Melo proved to be a bit of a navigational challenge for us, not only could we not find the campground last night but we had to ask directions again this morning even to find the way north out of town. But after a few missteps we were on our way to Aceagua the border town where we would enter Brazil.

Aceagua was a sleepy little town, and as far as we could tell we were the only travelers crossing north into Brazil, at least the only ones that needed to complete any border formalities. The formalities were slow - they don't see many Australians with US motorhomes - but straight forward.

After a couple of hours driving we called into the town of Sao Sepe to get some more Brazilian cash. On entering the town we stopped and asked a policeman for directions to the nearest bank. Here we got our first lesson/reminder about language. Even though we could not claim to speak Spanish after so long in Spanish speaking countries we have become familiar with the language and generally have enough words to get by. We had forgotten what it was like back at the start when Spanish was totally incomprehensible. Today we got a big reminder - Portuguese is totally incomprehensible.

Just for the record we did get some money from an ATM in Sao Sepe. The town was interesting; all the streets were cobbled, the town was clean, the people looked prosperous, though a wide mix of racial groups, and the shops had a wide selection of appliances and clothes.

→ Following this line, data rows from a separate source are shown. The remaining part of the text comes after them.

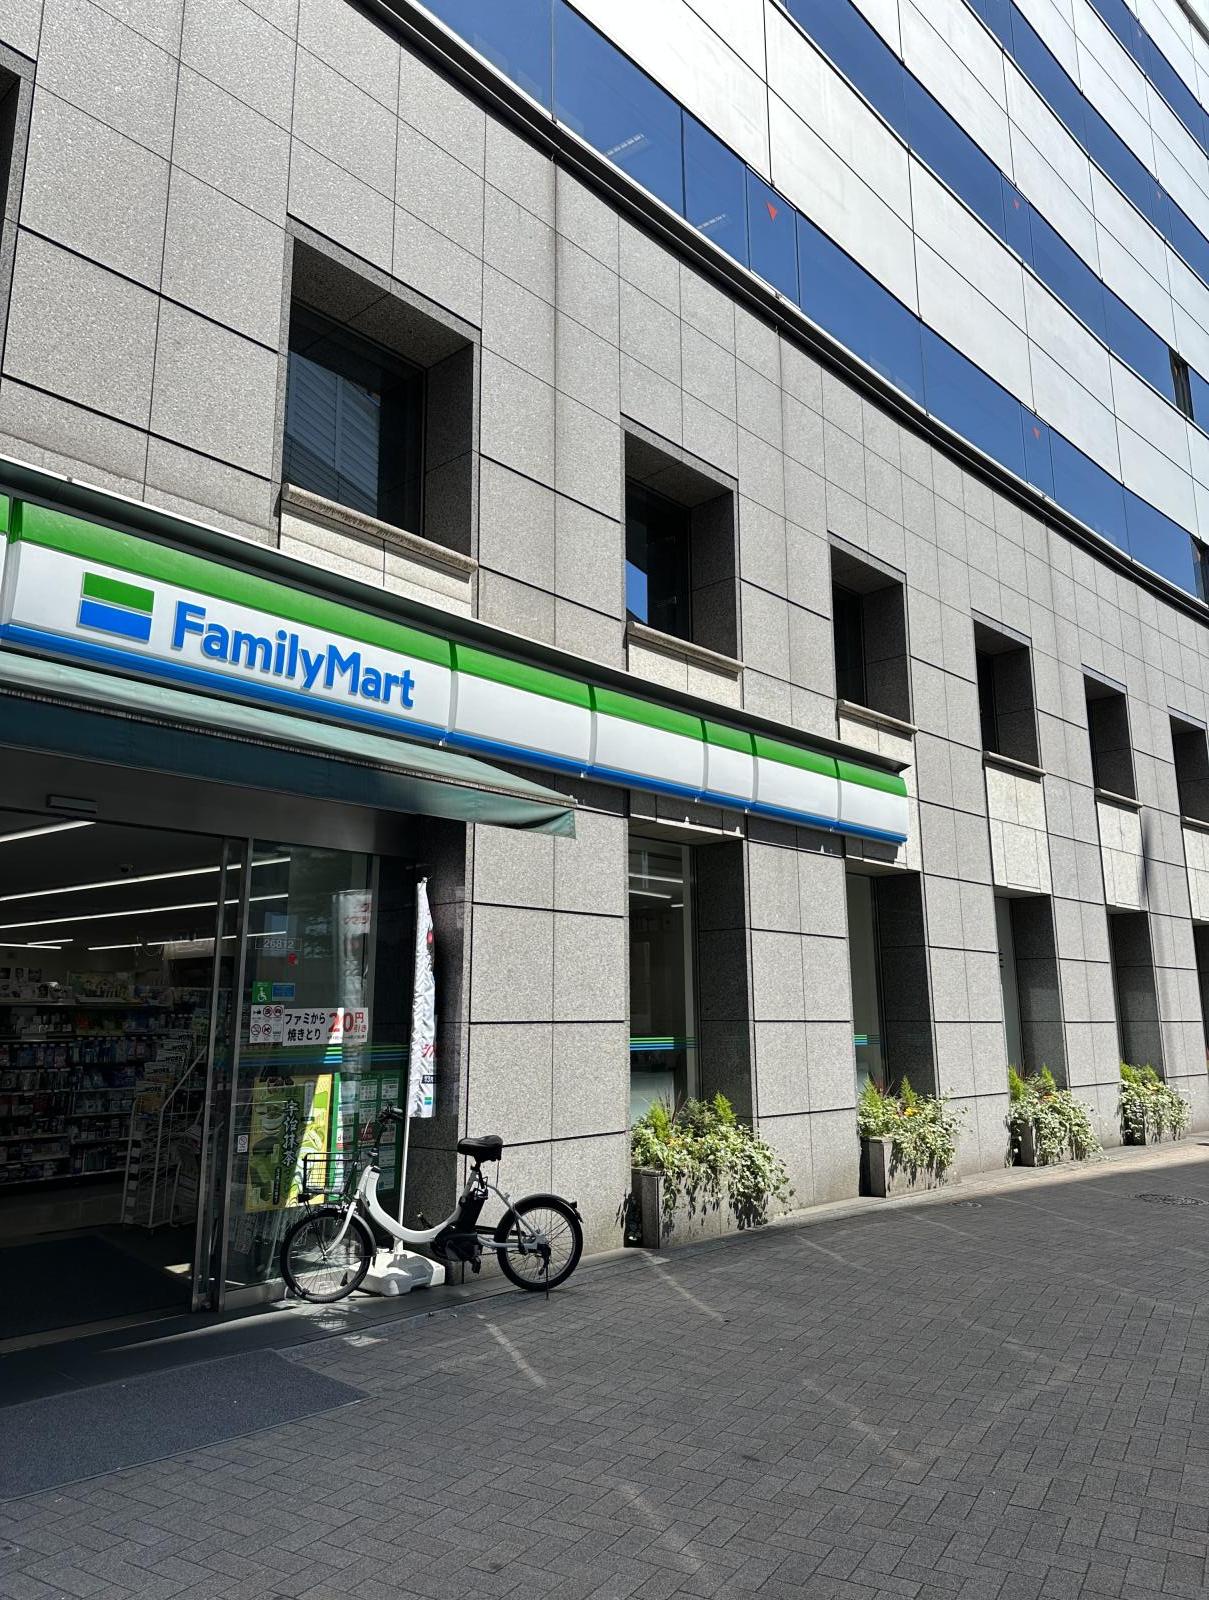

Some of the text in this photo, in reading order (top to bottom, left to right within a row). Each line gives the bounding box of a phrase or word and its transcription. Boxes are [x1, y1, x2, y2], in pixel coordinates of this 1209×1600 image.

[171, 600, 415, 709] FamilyMart
[284, 1012, 326, 1026] ファミから
[287, 1028, 321, 1041] 焼きとり
[282, 1099, 299, 1167] 宇治抹茶
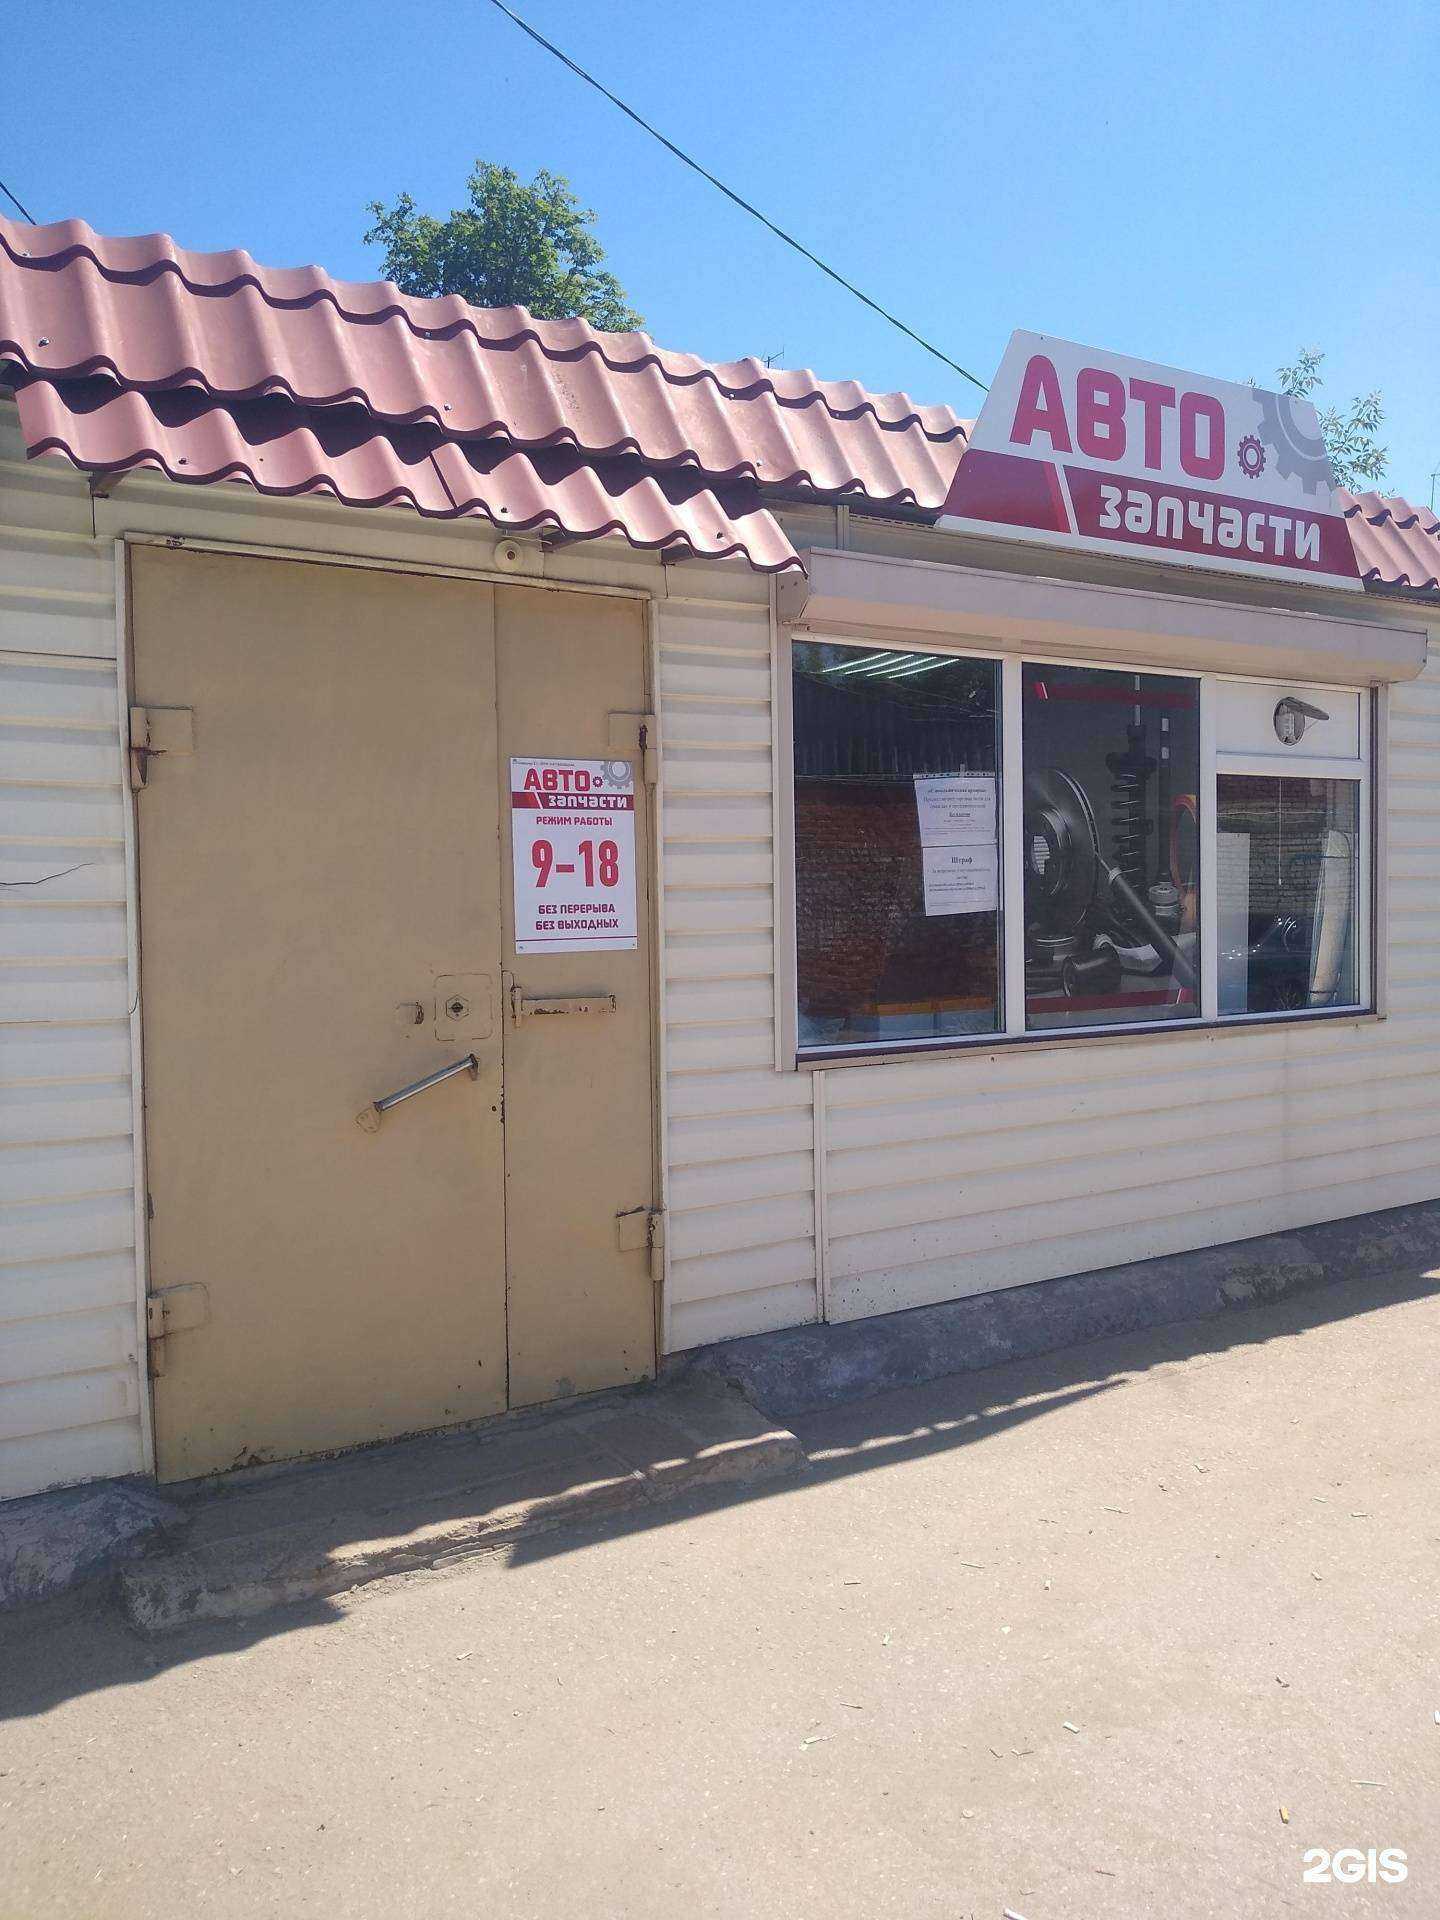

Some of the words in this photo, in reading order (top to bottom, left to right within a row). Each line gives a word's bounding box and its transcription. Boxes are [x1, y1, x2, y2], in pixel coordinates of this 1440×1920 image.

[1009, 354, 1226, 481] АВТО
[1098, 484, 1322, 563] запчасти
[524, 768, 591, 792] АВТО
[548, 794, 627, 809] запчасти
[536, 816, 572, 826] РЕЖИМ
[574, 816, 613, 827] РАБОТЫ
[538, 904, 556, 915] БЕЗ
[560, 903, 615, 914] ПЕРЕРЫВА
[535, 920, 555, 931] БЕЗ
[557, 919, 619, 931] ВЫХОДНЫХ

Our days travel was through rolling hilled farming country. The farming is on a large scale, rightly termed industrial. There are a large number of long and short haul trucks on the roads carrying grain, general cargo, and transporting large pieces of farming equipment. The country side is green and looks very fertile.

Mate (pronounced mat-eh)

As we leave Uruguay I need to comment on a drink called Mate. This is a tea like beverage made in a special cup by pouring hot water over Mate leaves. We saw people drinking this in Argentina, and understand that southern Brazilians also drink it, but from what we have seen so far Uruguayans are the most obsessed with this drink. We have seen people everywhere with a thermos of hot water under their left arm, in their (usually) left hand is their Mate cup with its distinctive, and special, silver straw through which they sip the drink. When the cup gets low, they simply stop walking, top up the cup from their thermos and continue sipping. They carry their cups and thermos everywhere, on the beach, in the super market, at the gas pump, it far out strips the obsession Seattle has with coffee.


We spent the night at a no-name gas station and truck stop on highway BR-158/392 north of the turn off to Tupancireta. It was somewhat less busy than a number of the gas stations we had passed during the day. Eventually the activity ceased and it was a relatively quiet place.